テモゾロミドとNotch阻害剤を併用することにより多形膠芽腫の再発が減少するようである [2010-09-28]
Temozolomide combined with a Notch inhibitor appears to reduce recurrence of glioblastoma multiforme

テモゾロミドと標的療法の併用化学療法による新たな治療法が、最も一般的で悪性度の高い脳腫瘍である多形膠芽腫の再発を減少させることが明らかにされたとCancer Research 9月号に掲載された。手術、放射線療法および化学療法にもかかわらず、多形膠芽腫の予後および生存率は不良である。テモゾロミドは患者の生存率を延長する化学療法薬である;放射線療法単独により2年生存率が約10%上昇するものが放射線療法にテモゾロミドを併用すると25%上昇する。さらに、Notchシグナリングパスウェイは膠芽腫組織および腫瘍細胞内においてしばしば過剰発現しているとのデータが示されている。研究者らは培養細胞および免疫欠損マウスにおいてテモゾロミドとNotch阻害剤の併用療法を評価し、この併用療法が腫瘍再発を減少させる治療法を増強させるかどうかを明らかにした。その結果、テモゾロミドとNotch阻害剤の併用はそれぞれの薬剤単独と比較し、腫瘍の成長および再発をはるかに有効に減少させた。いずれの薬剤も単独で使用すると、一過性に腫瘍の成長を遅延させるのみであった。

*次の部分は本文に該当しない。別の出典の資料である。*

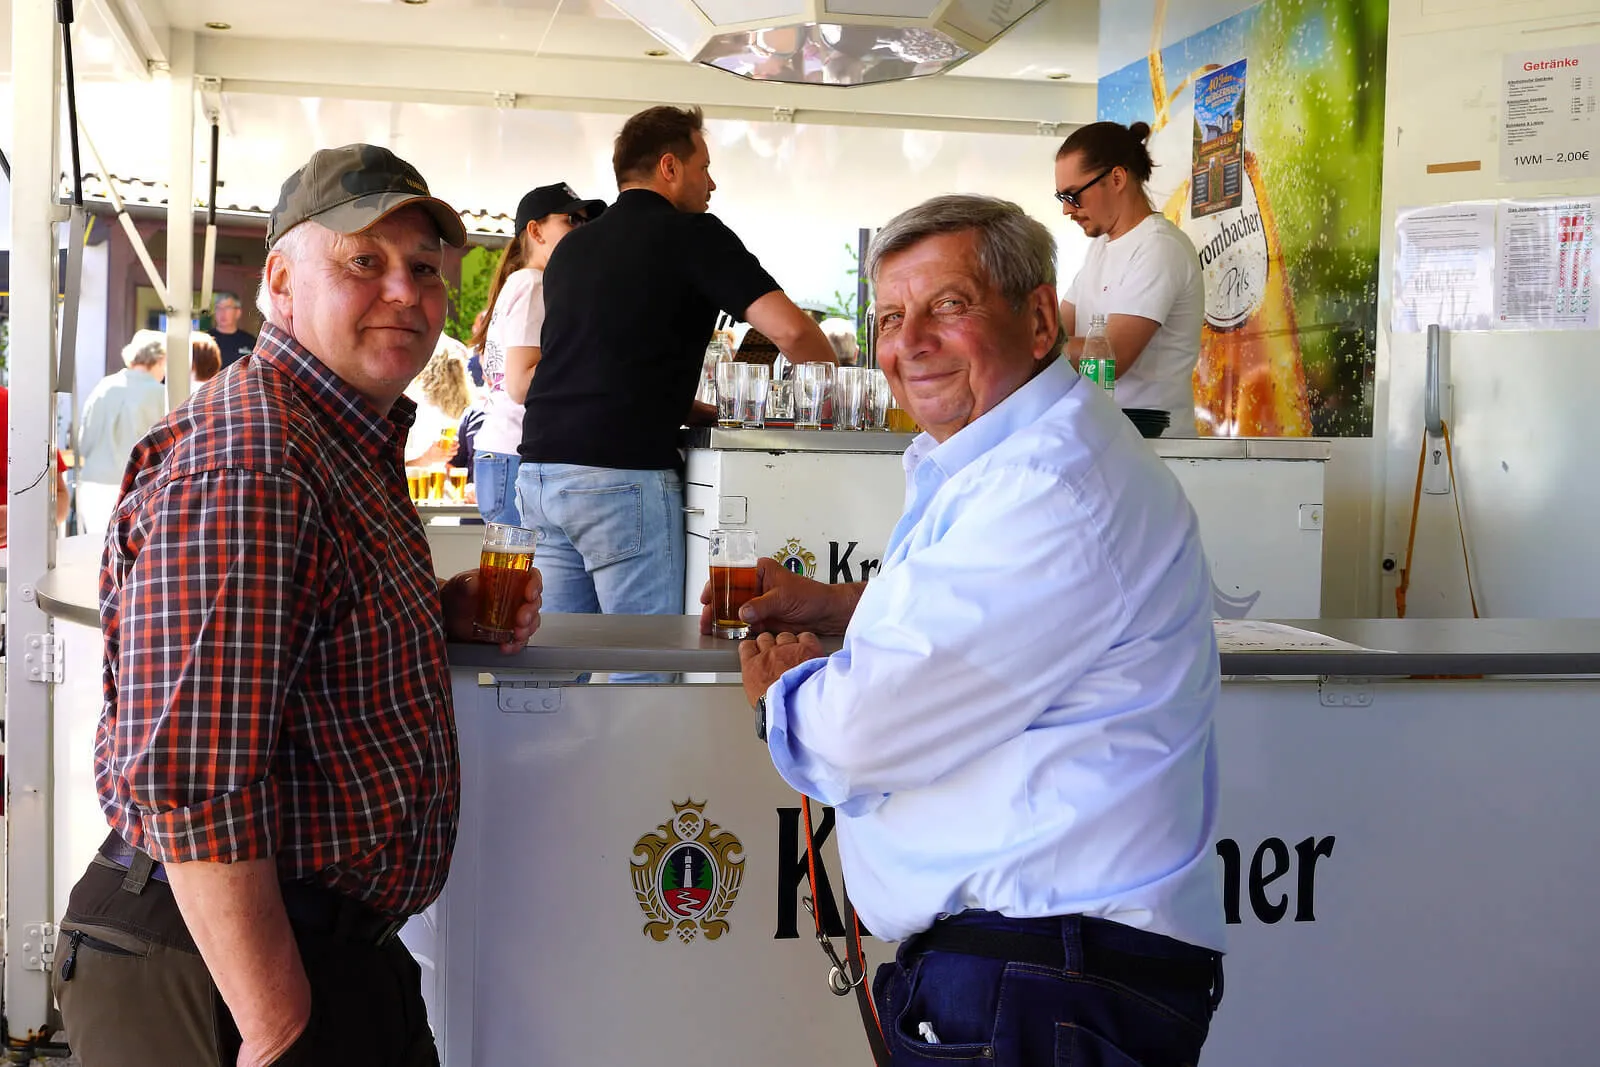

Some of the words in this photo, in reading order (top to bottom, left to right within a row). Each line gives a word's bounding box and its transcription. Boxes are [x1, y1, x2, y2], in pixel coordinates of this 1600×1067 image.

[1523, 58, 1579, 72] Getränke
[1514, 154, 1542, 166] 1WM
[1556, 150, 1590, 163] 2,00€
[1198, 208, 1260, 271] rombacher
[1217, 267, 1250, 309] Pils
[1079, 361, 1097, 375] ite
[829, 541, 883, 585] Kr

筆者らはこのスタディにより、テモゾロミドで治療されている膠芽腫細胞が生存するのをNotchパスウェイが促進するとの前臨床研究のエビデンスが示されたと考えている。

スタチン療法はどの部位またはどの患者群においてもがん発現の有害事象は有さない [2010-09-28]
Statin therapy has no adverse effect on cancer at any site or in any group of individuals
この種のスタディでは最も大規模なスタディの結果、スタチン療法はがん発現率や死亡を増加させる原因とはならないことが2010年European Society of Cardiology学会で報告された。コレステロール治療トライアル施行者による共同研究(Cholesterol Treatment Trialists' Collaboration)では、26の無作為化コントロールトライアルの対象170,000人のデータを解析した。これらの人々において10,000人余りががんを発症し、3,500人余りががんにより死亡した。解析の結果、がん発現率と死亡はスタチン内服群とプラセボ内服群とで全く同等であった。試験のサイズが大きかったために、スタチン療法が乳がんのようなある種のがんを引き起こす可能性があることやスタチン療法が一部の患者群においてがんの原因になる可能性があることなどの過去の仮説を否定することができた。この題目に関する過去の研究は、比較的小規模なスタディや他の因子の影響を除外できないスタディの結果に基づいていた。このスタディによりまた、高用量のスタチンは標準用量のスタチンと比べ、がんのリスクを上昇させないことも示された。既にコレステロールレベルの低い人々においても、より有効なスタチンによりコレステロールレベルを低下させてもがんのリスクは上昇しなかった。